← Glossary

Injection-site reaction

An injection-site reaction is any local response where the needle went in: redness, itching, mild swelling, tenderness, or a small bump. It’s common, usually minor, and usually gone within a day or two.

What’s normal

A little redness or a small welt right after injecting is typical and not a cause for concern. Some tips reduce it:

  • Let alcohol dry fully before injecting — injecting into wet alcohol stings and irritates.
  • Room-temperature pen — a cold injection is harsher on the skin (see the shot-day checklist).
  • Don’t rub the spot afterward.
  • Rotate, so no single patch of skin takes repeated hits.

Two things it’s not

It’s not lipohypertrophy. That’s the firm, lumpy fat tissue that builds up from injecting the same spot repeatedly, and it can affect absorption. Reactions are immediate and temporary; lipohypertrophy develops over time. Site rotation prevents both.
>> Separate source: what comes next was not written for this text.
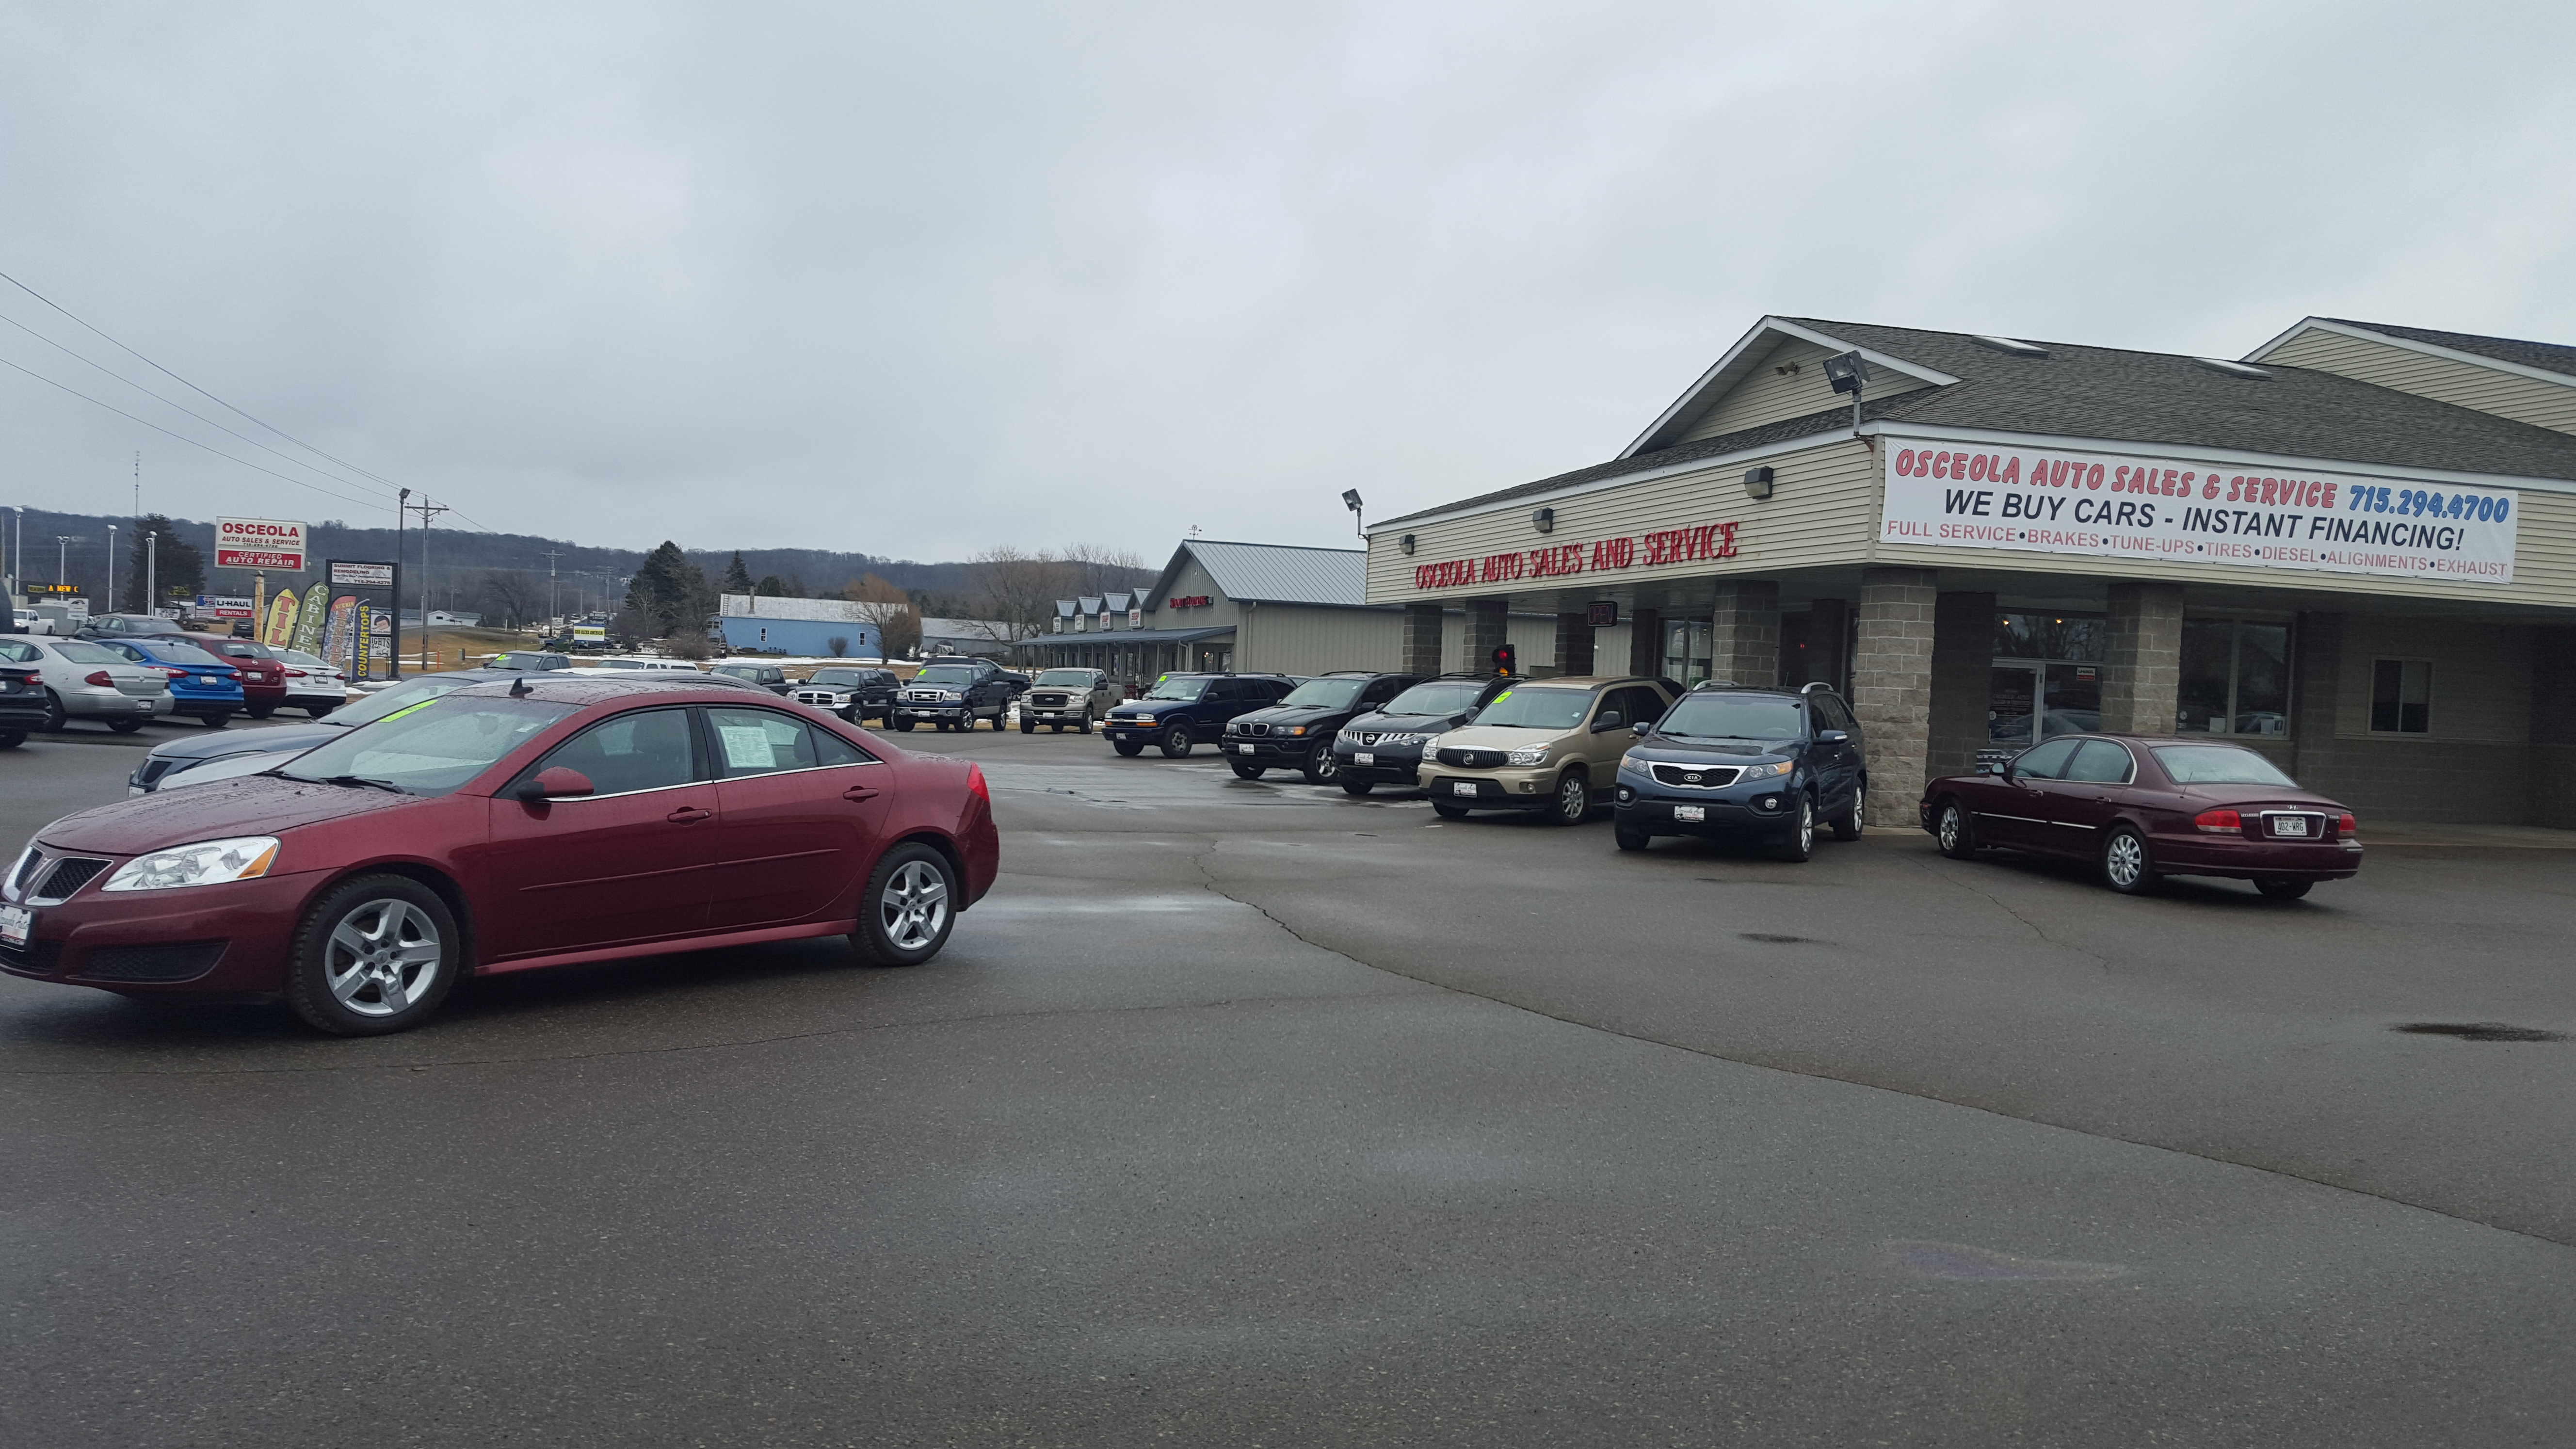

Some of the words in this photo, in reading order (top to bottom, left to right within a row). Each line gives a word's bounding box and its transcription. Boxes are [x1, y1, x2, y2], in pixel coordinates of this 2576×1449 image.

It’s usually not an allergy. True allergic reactions to GLP-1s are uncommon.

When to check with someone

Occasionally a reaction is more than local irritation. Get medical advice if you notice: a reaction that keeps spreading or worsening over days, signs of infection (increasing warmth, pus, fever), or — urgently — any whole-body allergic signs like widespread hives, swelling of the face or throat, or trouble breathing, which are a medical emergency. Those are rare, but they’re the line between “annoying” and “call someone.”